Changing Commissions


By Adrian Fitzpatrick, Head of Dealing, Kames Capital
The FCA paper on commissions is a significant issue. Firstly it will happen as the CEO/CIO’s are now on the hook for the commission spend. Most institutions are looking at their commission budgets, and it will have to be more budget than target. Brokers ahead of target/budget will receive execution only commissions and I suspect this will be done on a rolling basis.
Commissions for research will drop, but execution commissions may increase if we get the Great Rotation from fixed income into equity. It looks like the pot will only get smaller; and that is not necessarily a bad thing. The buy-side will start to look at menu pricing for research and try to quantify the value of that service. They can reverse engineer the same service from pure third party research providers and then apply that number to the bulge bracket’s research. So if the third party research is your number one then you are not going to pay more for it from your other brokers.

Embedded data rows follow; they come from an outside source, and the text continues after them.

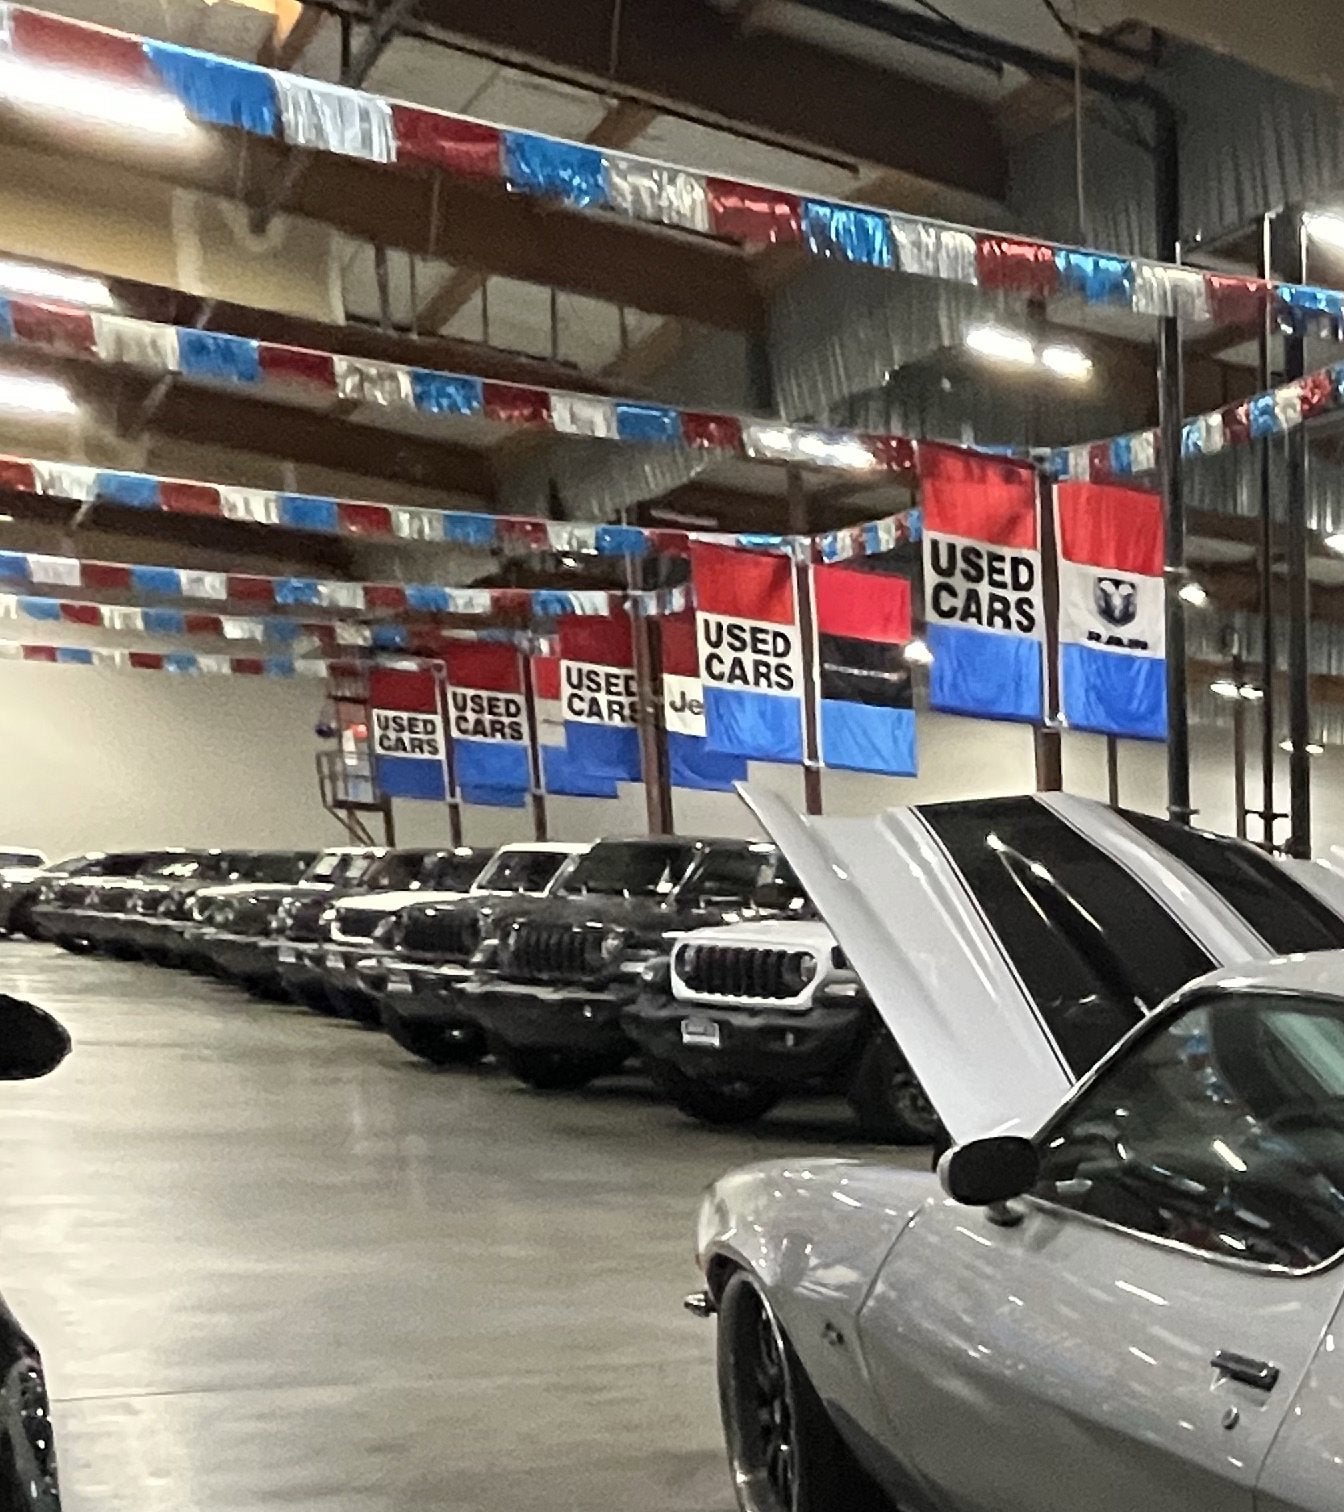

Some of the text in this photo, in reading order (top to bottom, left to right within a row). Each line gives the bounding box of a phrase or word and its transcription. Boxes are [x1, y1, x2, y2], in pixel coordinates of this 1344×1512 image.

[930, 538, 1035, 592] USED
[932, 581, 1036, 633] CARS
[703, 618, 792, 658] USED
[705, 652, 794, 691] CARS
[452, 692, 522, 718] USED
[376, 713, 437, 736] USED
[455, 715, 524, 741] CARS
[379, 734, 440, 756] CARS
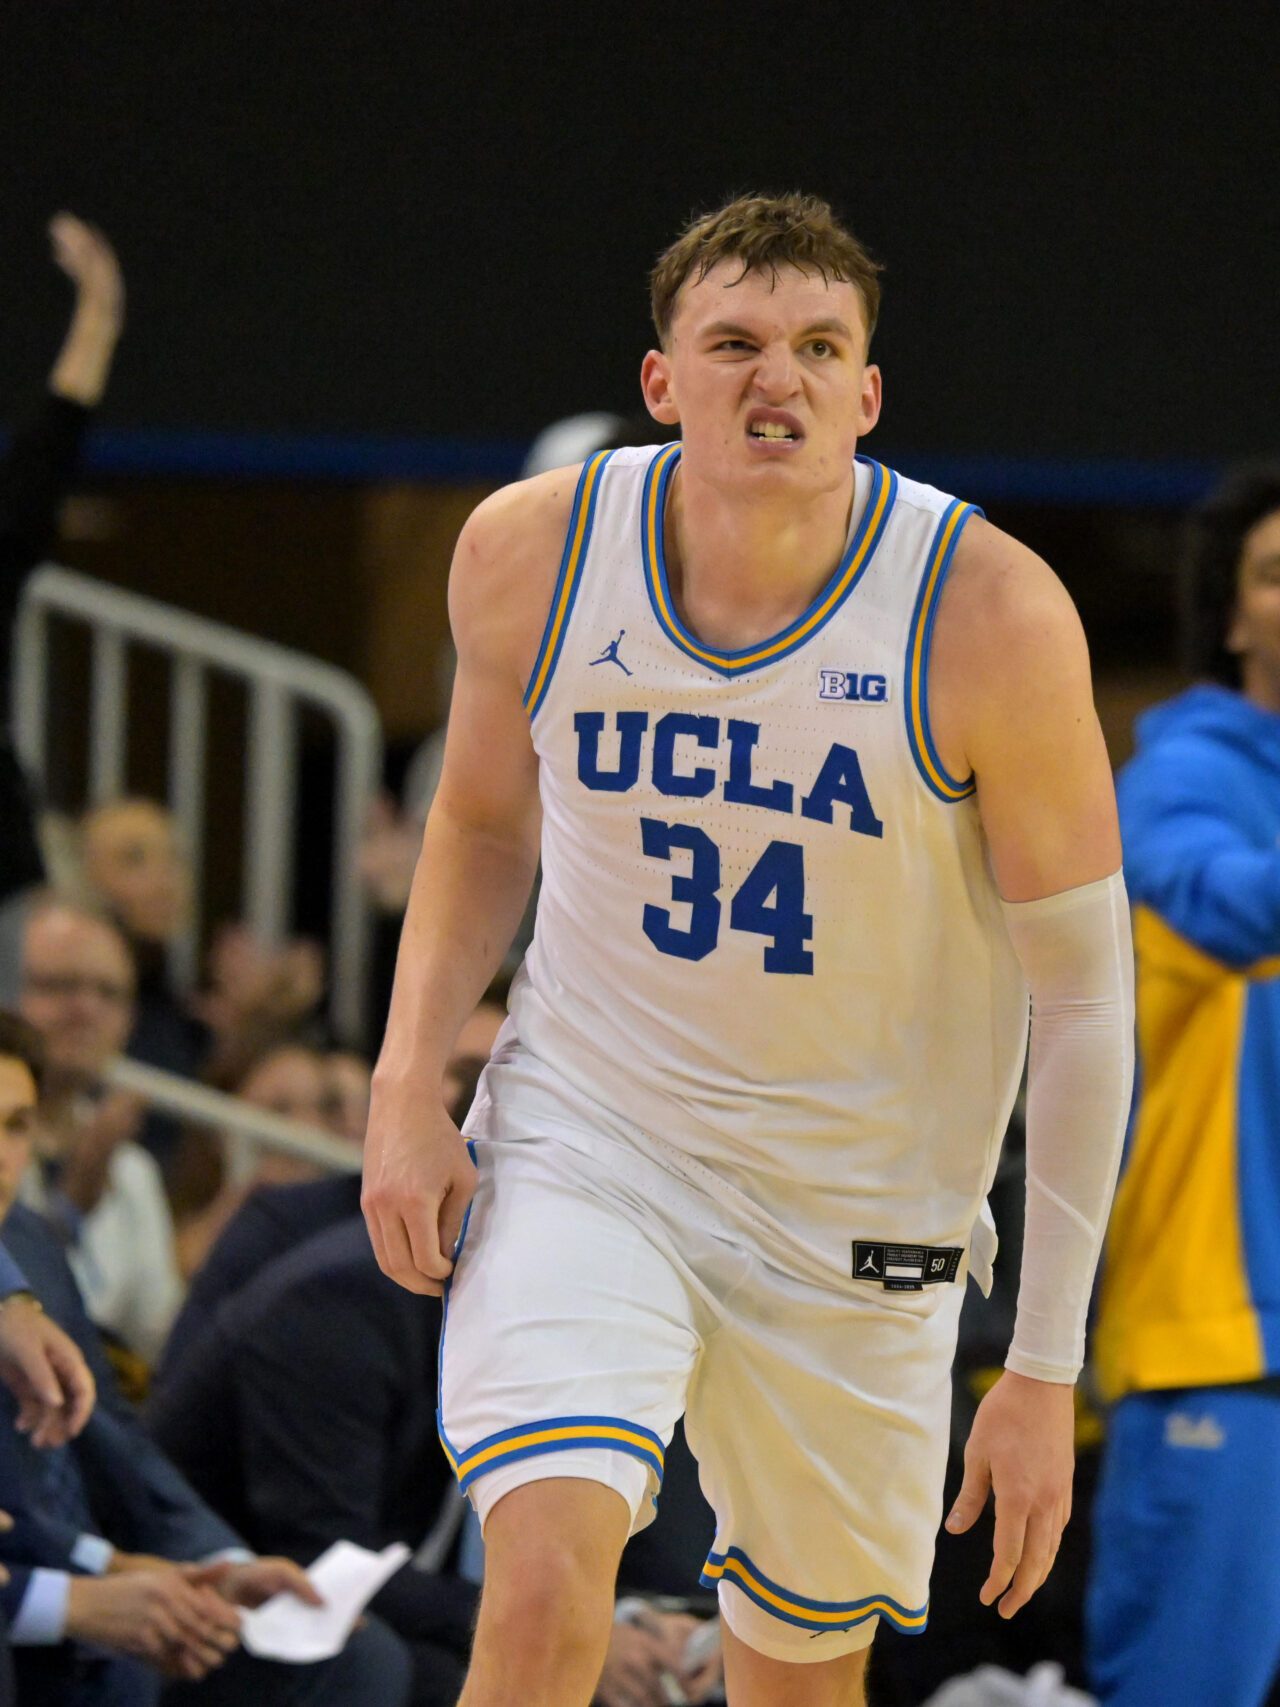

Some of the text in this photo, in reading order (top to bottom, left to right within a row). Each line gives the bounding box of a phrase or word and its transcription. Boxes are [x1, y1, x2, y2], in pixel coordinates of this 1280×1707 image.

[574, 711, 883, 838] UCLA
[640, 817, 813, 976] 34
[930, 1257, 946, 1273] 50

Obviously this is not something the bulge bracket firms want, but the report is effectively using the buy-side to unbundle the sell-side to a certain degree. The sell-side may create a separate research service but the worry there is if the market really unbundles then whoever pays the most will receive the platinum product. The bigger houses or largest hedge funds could benefit. You could see a time where research is distributed first to the big payers then distributed over a period of days to the rest of the buyers who pay a lower fee, which has potentially large unintended consequences.
Corporate access is done and the market has to deal with that. I suspect that new access to this product will be created, probably through third parties or separate fee payable services from the sell-side. I also think the research departments of the sell-side will go through the same pain that sales trading has gone through, and will be savaged over the next one to two years.
I also see no reason why the equity market does not go NET and remove a lot of the regulatory burden; ADR’s and GDR’s used to be NET. The sell-side loses money on equities and makes it in opaque NET markets like fixed interest and FX.
The final point is that the UK could be hugely disadvantaged if it is the only market to apply these strictures.